Patient-suitable investigational drug and / or non-approved based on personal information and patient medical information about the patient stored in the first database and information on investigational drug and non-approved drug stored in the second database A processor for selecting a drug,
Connected to the processor by an in-hospital network, and when a doctor examines a patient, the investigational drug and / or the non-approved drug selected by the processor is displayed to the doctor for referral to the patient A hospital information system comprising a terminal device.   When the terminal device starts the medical examination, the terminal device indicates that the selected investigational drug and / or the non-approved drug is present, and requests display of the selected investigation drug and / or the non-approved drug. The hospital information system according to claim 1, wherein the selected investigational drug and / or the non-approved drug is displayed according to. The processing unit
An extraction unit for extracting an investigation drug and / or an unapproved drug corresponding to a disease name or a symptom name of a patient from the investigation drug and the unapproved drug stored in the second database;
By determining whether the patient meets the conditions for administering the extracted investigational drug and / or the non-approved drug, and whether the patient meets the conditions for continuing the administration, The hospital information system according to claim 1 or 2, further comprising: a determination unit that selects an investigational drug and / or an unapproved drug suitable for the patient.

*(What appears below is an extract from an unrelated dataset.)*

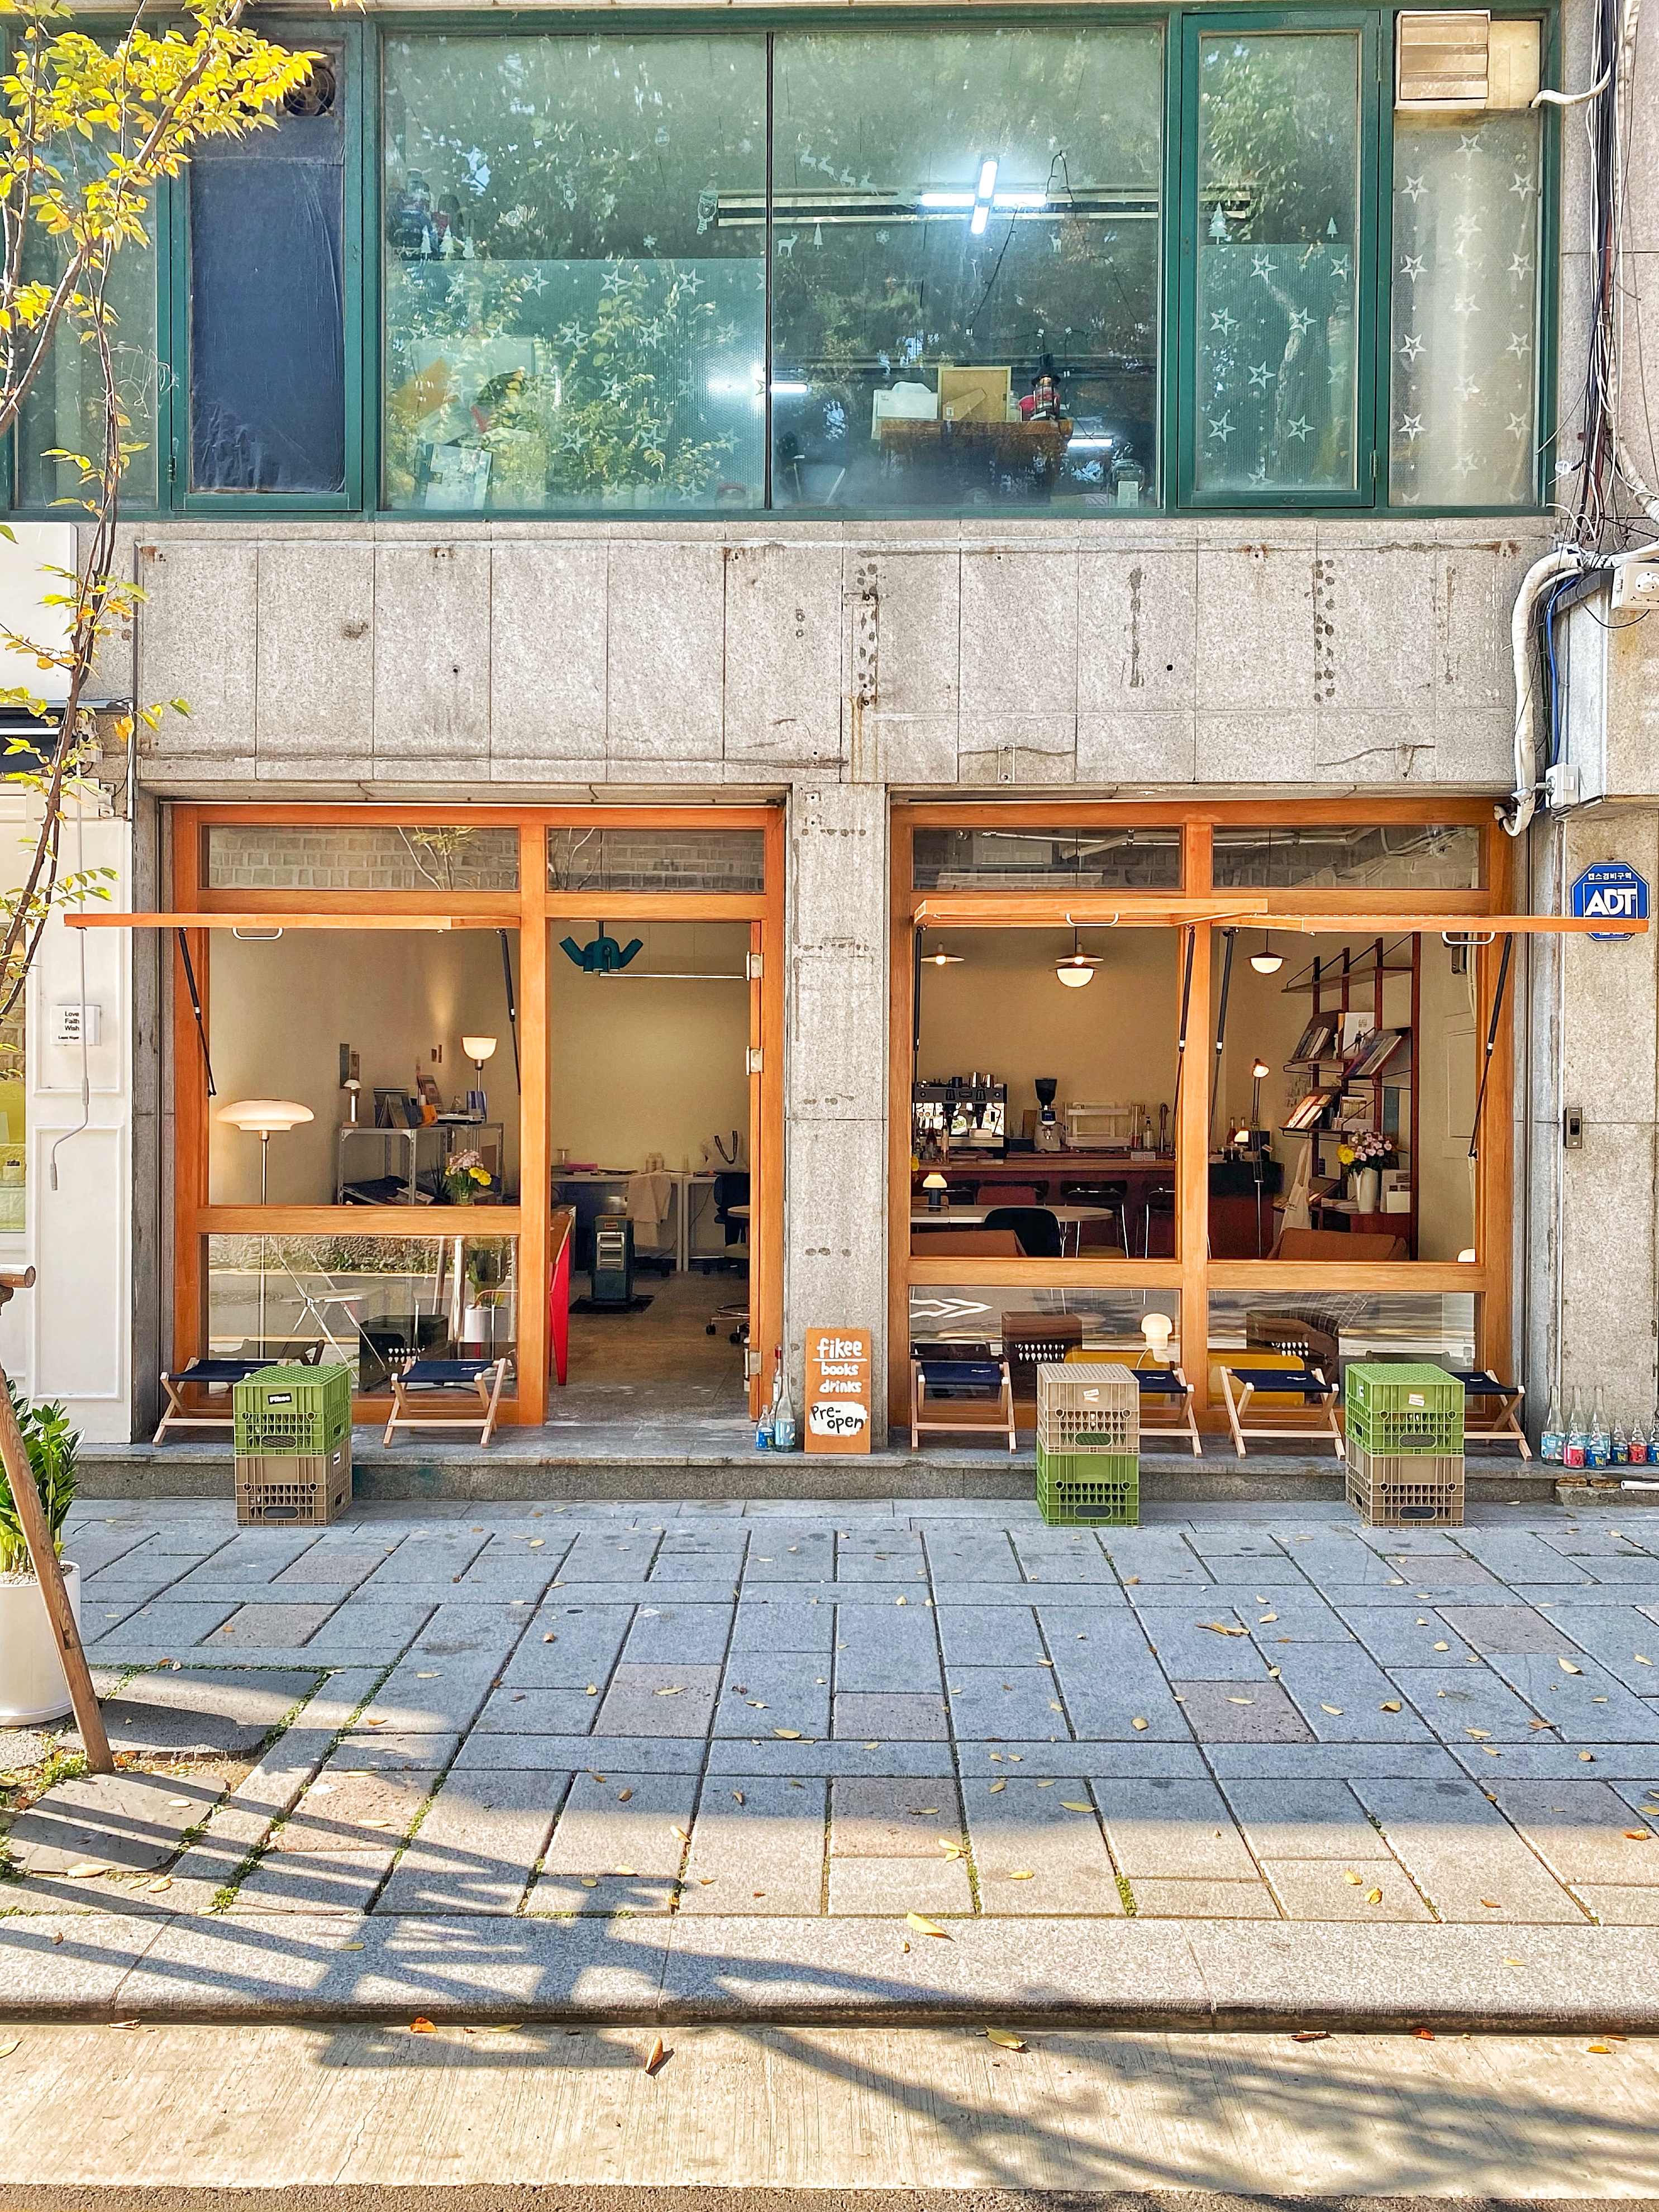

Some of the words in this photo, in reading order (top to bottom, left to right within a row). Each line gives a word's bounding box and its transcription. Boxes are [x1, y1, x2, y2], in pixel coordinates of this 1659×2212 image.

The processing apparatus receives an introduction information creation unit that receives whether or not the selected investigational drug and / or unapproved drug has been actually introduced to the patient, and transmits the presence or absence of the introduction as introduction information to the first database. In addition,
The determination unit refers to the first database, and selects an investigation drug and / or an unapproved drug without a history of having not been referred to as an investigation drug and / or an unapproved drug compatible with the patient The hospital information system according to Item 3.   When the referral information creation unit does not introduce the selected investigational drug and / or the non-approved drug to the patient, it accepts the reason and transmits the presence or absence of the referral and the reason to the first database. The hospital information system according to claim 4.   The hospital information system according to claim 5, wherein the introduction information creation unit anonymizes the presence or absence of the introduction and the reason and transmits the anonymized information to the second database. Further comprising the first database;
The hospital information system according to any one of claims 1 to 6, wherein the first database collects the personal information and the patient medical information from a plurality of systems in a hospital. Further comprising the second database;
The hospital information system according to any one of claims 1 to 7, wherein the second database collects information on the investigational drug and the unapproved drug from a pharmaceutical company, a domestic health institution, and an overseas health institution. Patient-suitable investigational drug and / or non-approved based on personal information and patient medical information about the patient stored in the first database and information on investigational drug and non-approved drug stored in the second database The process of selecting a drug,
A drug proposal selection program which causes a processor to execute a process of displaying the selected investigational drug and / or non-approved drug to the doctor for referral to the patient when the doctor examines the patient.